- [YOUR INSTRUCTIONS]
Give the records again exactly, but drop the pictures.

- [DATASET RECORDS]
────────────────────

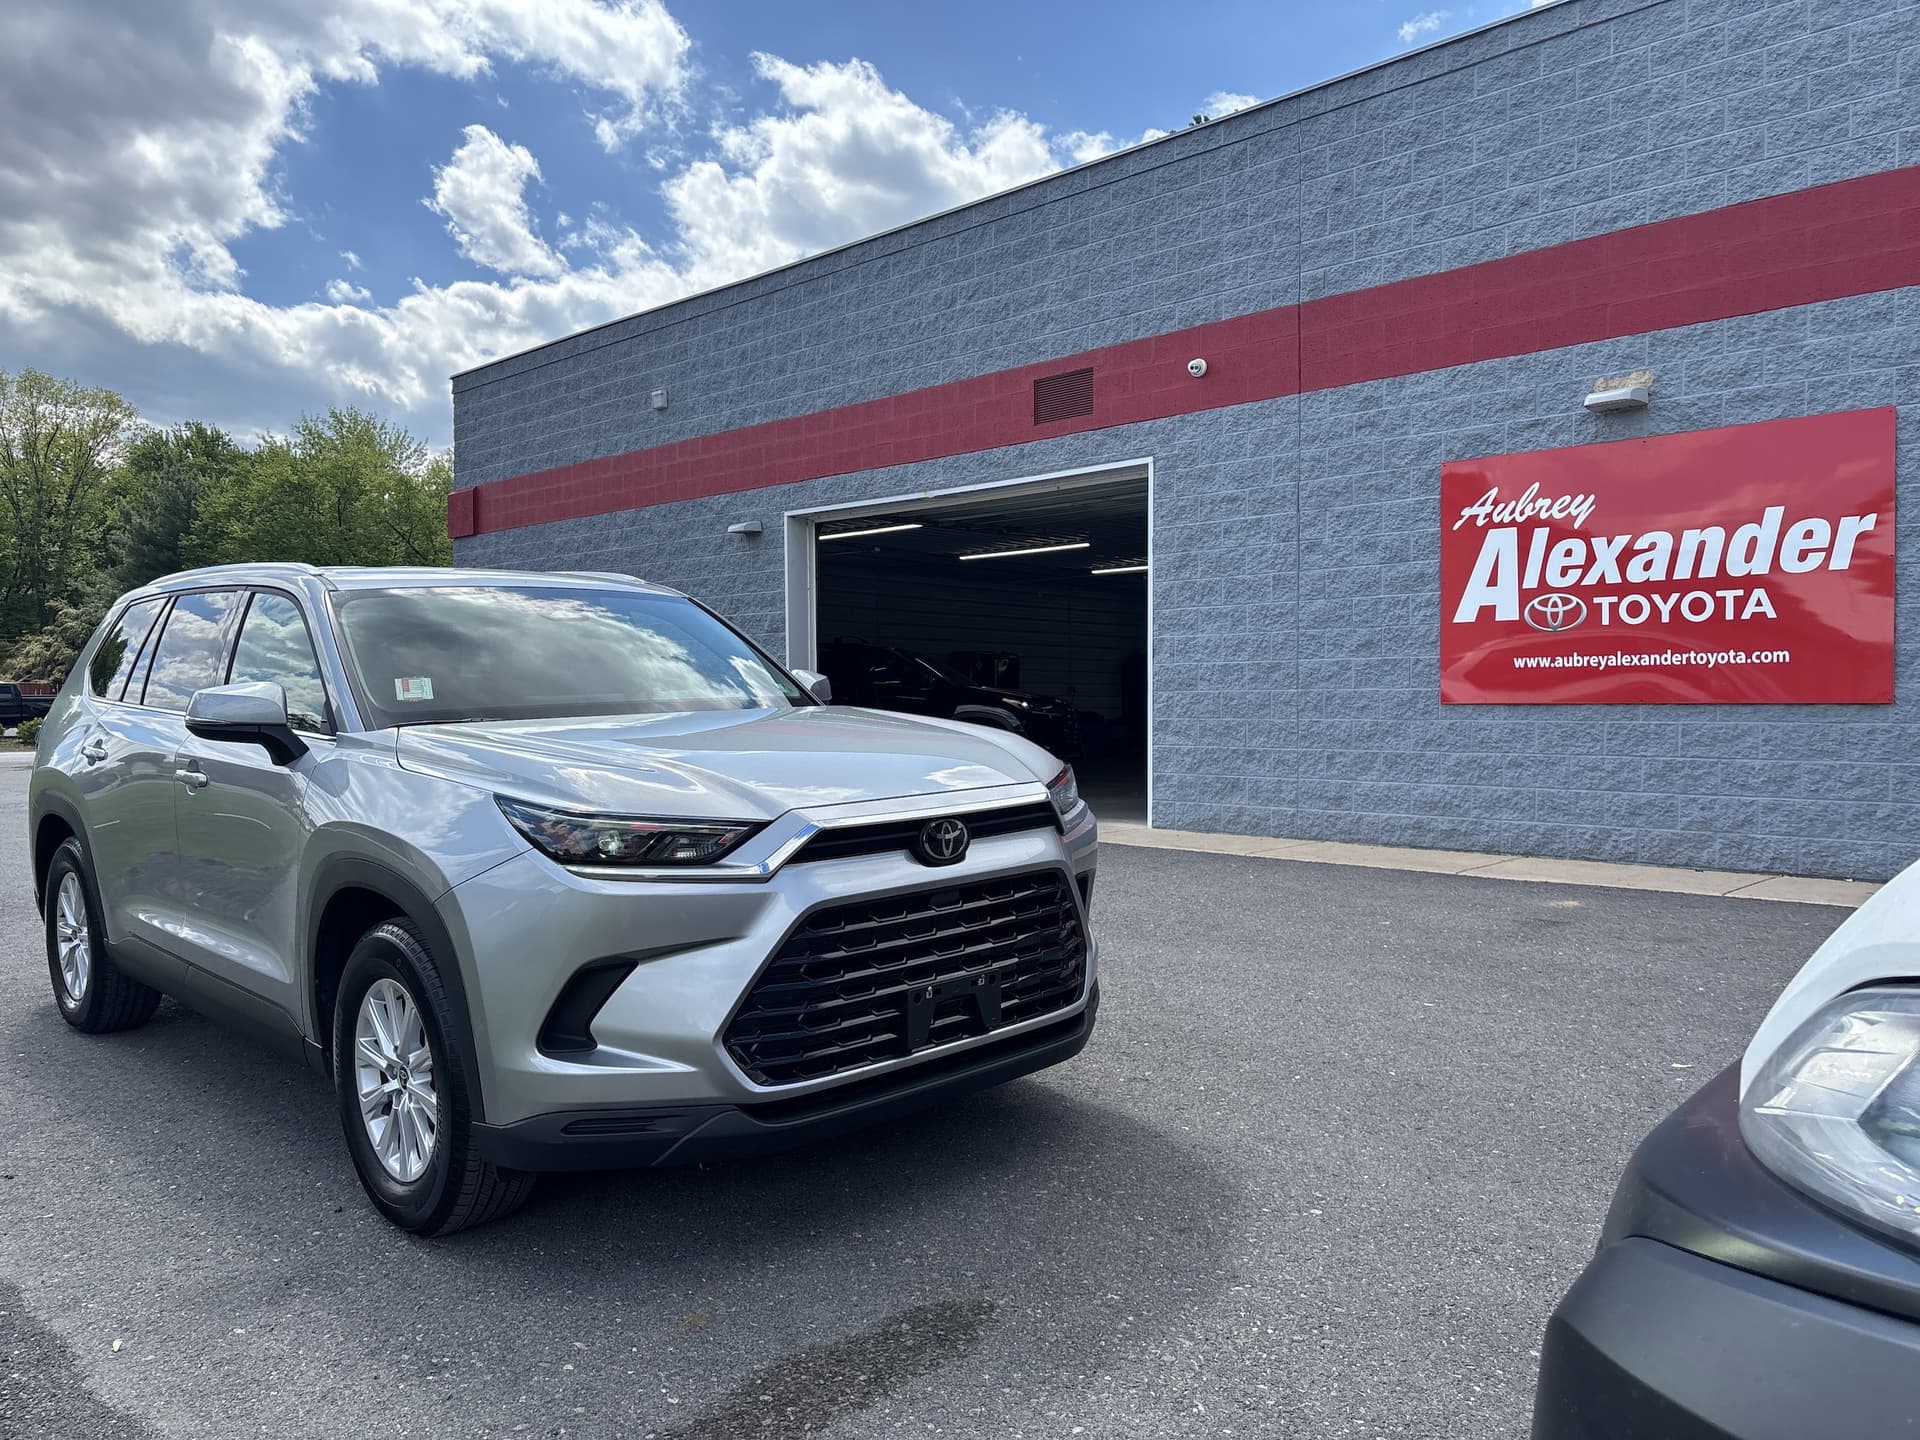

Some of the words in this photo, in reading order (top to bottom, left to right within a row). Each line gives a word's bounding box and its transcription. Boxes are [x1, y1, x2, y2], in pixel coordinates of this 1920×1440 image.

[1452, 481, 1596, 530] Aubrey
[1452, 505, 1878, 623] Alexander
[1593, 588, 1777, 626] TOYOTA
[1513, 648, 1790, 670] www.aubreyalexandertoyota.com

────────────────────

- [RESPONSE AREA]
Some of the words in this photo, in reading order (top to bottom, left to right within a row). Each line gives a word's bounding box and its transcription. Boxes are [x1, y1, x2, y2], in pixel coordinates of this 1920×1440 image.

[1452, 481, 1596, 530] Aubrey
[1452, 505, 1878, 623] Alexander
[1593, 588, 1777, 626] TOYOTA
[1513, 648, 1790, 670] www.aubreyalexandertoyota.com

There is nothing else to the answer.